Dragonflies and Damselflies (Order Odonata) are a very ancient group of insects with over five thousand species known. The North American area contains about 450 of these insects. These insects are capable flyers and catch their prey (usually smaller insects) while in flight. The larvae live in water and are also predators.

Since dragonflies (both adults and larvae) eat many mosquitoes, they are among the most beneficial of all insects. Spraying swamps several times a year with a broad pesticide to kill all insects often destroys the dragonfly species. Their life cycles are typically many months or a year. On the other hand, many mosquitoes have short life cycles. With a natural predator eliminated, the mosquitoes can become even more abundant.

Many species in this family are brilliantly colored when alive,  but these colors fade when specimens are placed in mounted collections.

Insects (Class Insecta) are the most successful animals on Earth if success is measured by the number of species or the total number of living organisms. This class contains more than a million species, of which North America has approximately 100,000.

Insects have an exoskeleton. The body is divided into three parts. The foremost part, the head, usually bears two antennae. The middle part, the thorax, has six legs and usually four wings. The last part, the abdomen, is used for breathing and reproduction.

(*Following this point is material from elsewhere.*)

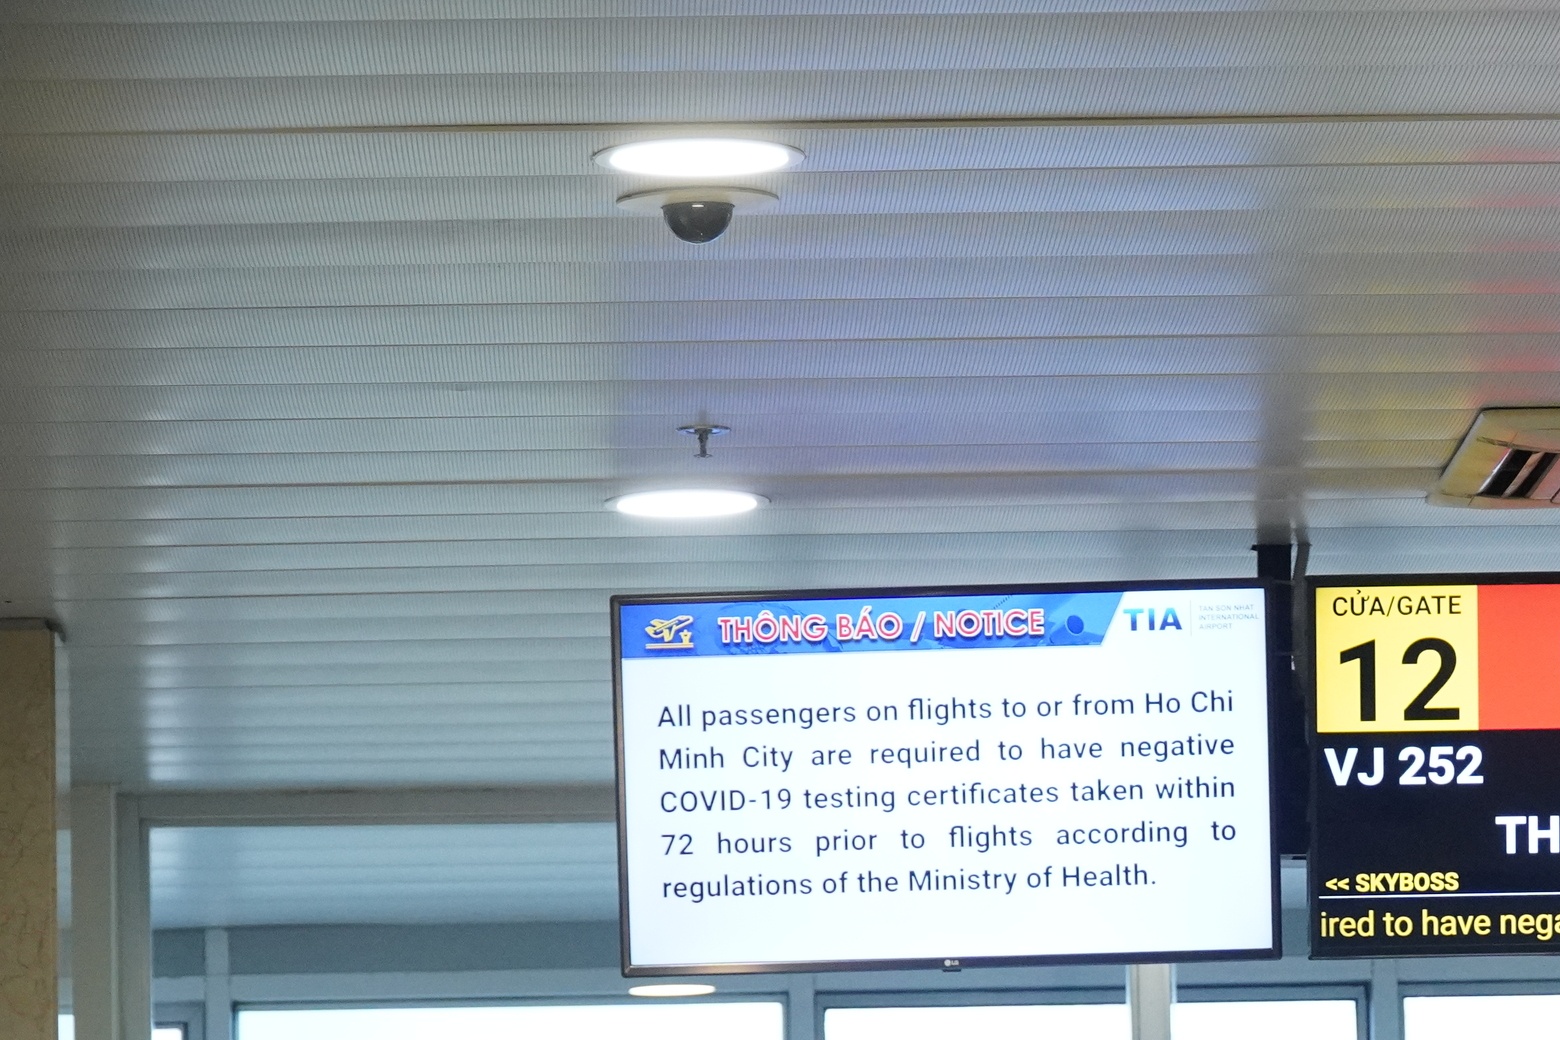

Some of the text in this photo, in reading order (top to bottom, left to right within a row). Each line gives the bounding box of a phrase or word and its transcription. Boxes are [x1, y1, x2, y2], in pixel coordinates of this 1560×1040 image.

Although different taxonomists divide the insects differently, about thirty-five different orders are included in most of the systems.

The following abbreviated list identifies some common orders of the many different orders of insects discussed herein:

   Odonata:      Dragon and Damsel Flies
   Orthoptera:   Grasshoppers and Mantids
   Homoptera:    Cicadas and Misc. Hoppers
   Diptera:      Flies and Mosquitoes
   Hymenoptera:  Ants, Wasps, and Bees
   Lepidoptera:  Butterflies and Moths
   Coleoptera:   Beetles

Jointed Legged Animals (Phylum Arthropoda) make up the largest phylum. There are probably more than one million different species of arthropods known to science. It is also the most successful animal phylum in terms of the total number of living organisms.

Butterflies, beetles, grasshoppers, various insects, spiders, and crabs are well-known arthropods.

The phylum is usually broken into the following five main classes:

   Arachnida:      Spiders and Scorpions
   Crustacea:      Crabs and Crayfish
   Chilopoda:      Centipedes
   Diplopoda:      Millipedes
   Insecta:        Insects

There are several other "rare" classes in the arthropods that should be mentioned. A more formal list is as follows:

   Sub Phylum Chelicerata

     C. Arachnida:      Spiders and scorpions
     C. Pycnogonida:    Sea spiders (500 species)
     C. Merostomata:    Mostly fossil species

   Sub Phylum Mandibulata

     C. Crustacea:      Crabs and crayfish
   Myriapod Group

     C. Chilopoda:      Centipedes
     C. Diplopoda:      Millipedes
     C. Pauropoda:      Tiny millipede-like
     C. Symphyla:       Garden centipedes

   Insect Group

     C. Insecta:        Insects

The above list does not include some extinct classes of Arthropods such as the Trilobites.

Animal Kingdom contains numerous organisms that feed on other animals or plants. Included in the animal kingdom are the lower marine invertebrates such as sponges and corals, the jointed legged animals such as insects and spiders, and the backboned animals such as fish, amphibians, reptiles, birds, and mammals.